9 Gennaio 2020

Reddito di cittadinanza, una nuova regola da seguire

Parte la seconda fase del reddito di cittadinanza, e questa volta sarà più difficile imbrogliare. I beneficiari dovranno svolgere lavori socialmente utili

Prende il via la seconda fase del reddito di cittadinanza, con la pubblicazione del decreto sulla Gazzetta Ufficiale. Questa volta i beneficiari del reddito, dovranno svolgere lavori di pubblica utilità all’interno dei PUC – progetti utili alla collettività. La decisione è stata presa sulla base di quanto stabilito dal decreto 4/2019, e dal decreto attuativo pubblicato l’8 gennaio 2020 sulla Gazzetta Ufficiale dopo un accordo tra ministero del Lavoro e Comuni.

 “I Puc – si legge sulla Gazzetta – non rappresentano un rapporto di lavoro e pertanto i lavori di pubblica utilità non sono da considerarsi prestazioni di lavoro autonomo, subordinato o parasubordinato.”
Il percettore del reddito di cittadinanza è obbligato a prendere parte ai progetti di pubblica utilità promossi dal comune di residenza. I progetti utili per la collettività potranno essere svolti in ambito culturale, sociale, artistico, ambientale, formativo e di tutela dei beni comuni.

Ma in cosa consiste esattamente?

Le attività di pubblica utilità non devono superare le 8 ore settimanali, che possono essere espletate in un solo o più giorni della settimana. Il beneficiario ha l’obbligo di completare le ore previste nel mese; in caso di flessibilità, le ore saranno recuperate successivamente.

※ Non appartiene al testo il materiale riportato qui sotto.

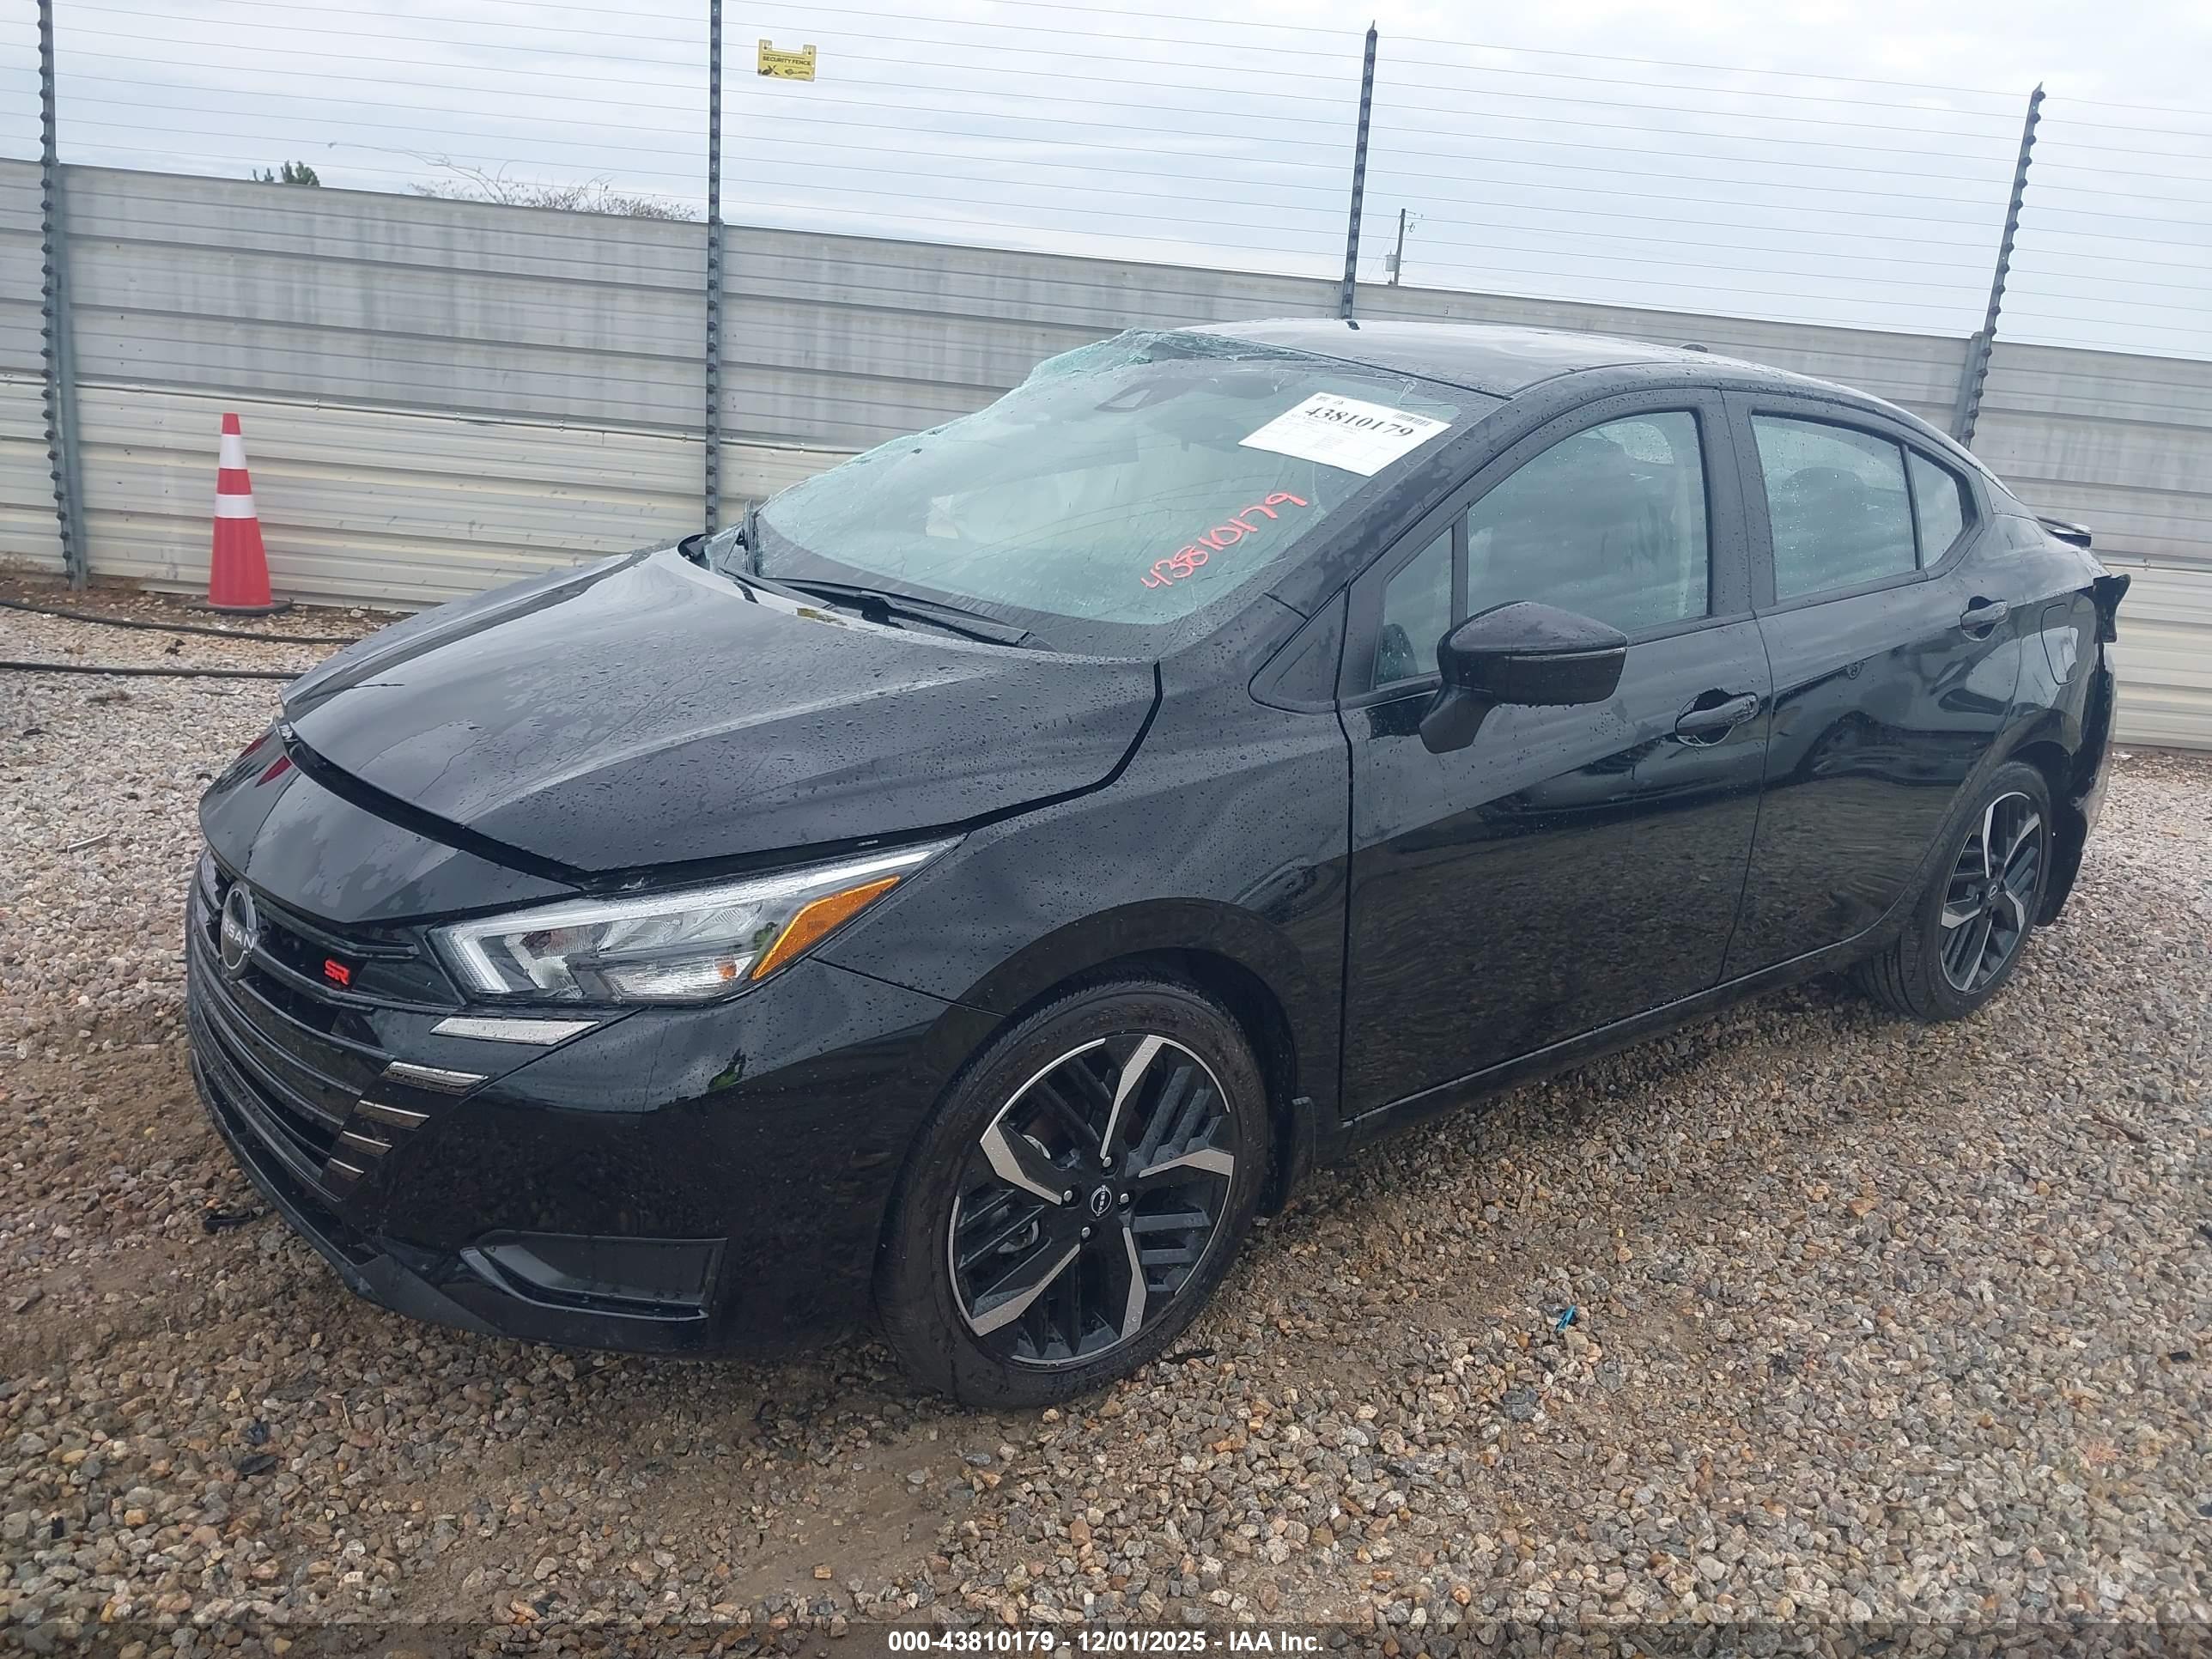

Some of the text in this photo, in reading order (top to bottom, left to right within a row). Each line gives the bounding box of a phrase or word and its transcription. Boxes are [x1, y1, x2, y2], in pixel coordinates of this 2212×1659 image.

[1304, 406, 1414, 437] 43810179
[1140, 492, 1308, 588] 43810179
[325, 959, 349, 986] SR

Nel caso di ampliamento delle ore, fino ad un massimo di 16 settimanali, la flessibilità prevista per le 8 ore non è contemplata e i beneficiari devono svolgere settimanalmente le ore concordate.

La mancata accettazione della condizione stabilita dal decreto da parte di uno dei componenti del nucleo familiare determina la decadenza del reddito.